Detroit di Kathryn Bigelow
John Boyega in Detroit di Kathryn Bigelow

Non c’è dubbio che “Detroit” sia un film potente e straziante. Cerca di mettere gli spettatori nella pelle dei protagonisti indifesi e terrorizzati che furono vittime della brutalità della forza pubblica.

Il razzismo ha segnato la storia degli Stati Uniti e continua a farlo. I confronti razziali, la crudeltà della polizia e le armi da fuoco occupano titoli frequenti nei quotidiani. Alla fine del film risulta chiaro con chi ci siamo identificati e chi invece odiamo; la Bigelow però ci racconta un “incidente” e non la sostanza della questione.
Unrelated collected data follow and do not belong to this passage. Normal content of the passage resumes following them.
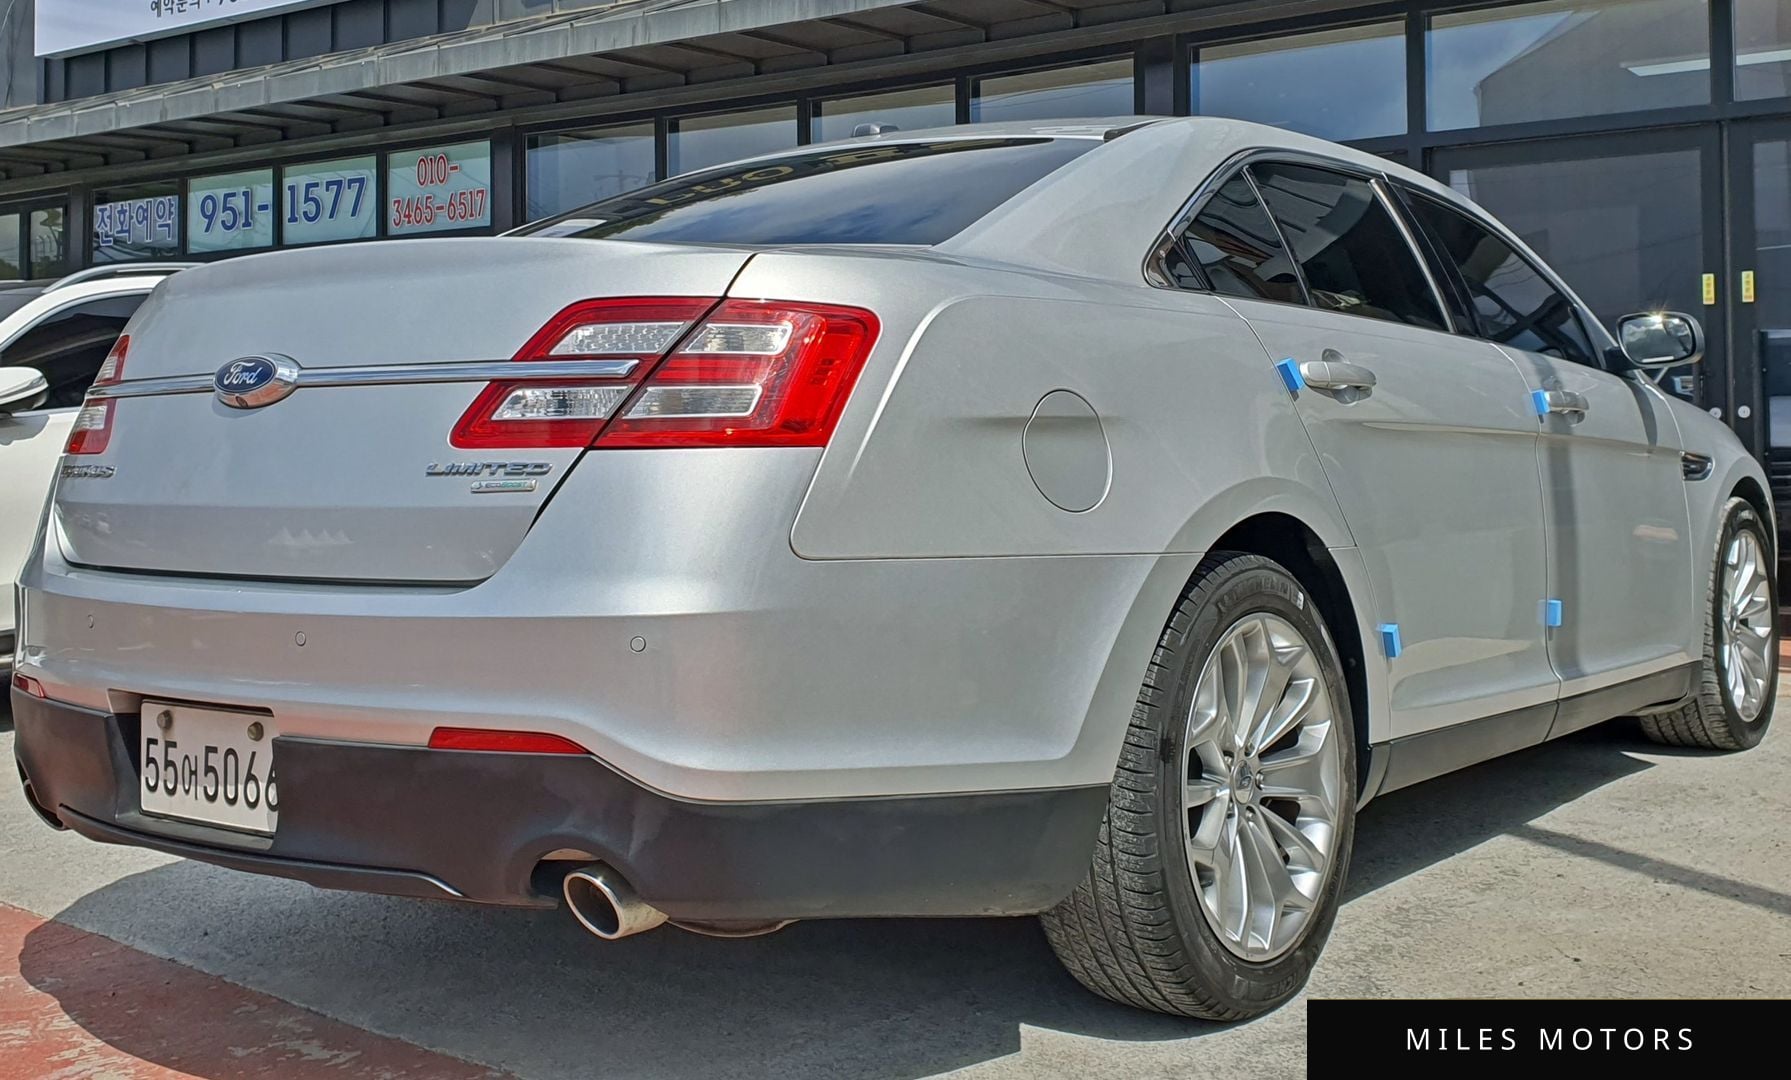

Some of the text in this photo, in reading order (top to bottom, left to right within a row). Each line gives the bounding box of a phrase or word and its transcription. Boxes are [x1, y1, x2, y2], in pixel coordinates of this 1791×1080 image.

[416, 153, 460, 186] 010-
[96, 196, 175, 247] 전화예약
[287, 175, 367, 225] 1577
[392, 187, 486, 229] 3465-6517
[223, 361, 263, 386] Ford
[425, 461, 553, 477] LIMITED
[145, 737, 279, 812] 55어5066
E questo significa non solo non approfondire ciò che è successo in quel momento, ma anche non capire cosa sta succedendo ora e perché, dopo più di 50 anni di integrazione razziale, le comunità bianche e nere sono separate come sempre.

Gabriela

Detroit di Kathryn Bigelow
Will Poulter in Detroit

Detroit di Kathryn Bigelow
Will Poulter in Detroit

Sintesi

Detroit è un film potente e straziante che cerca di mettere gli spettatori nella pelle dei protagonisti indifesi e terrorizzati che furono vittime della brutalità della forza pubblica.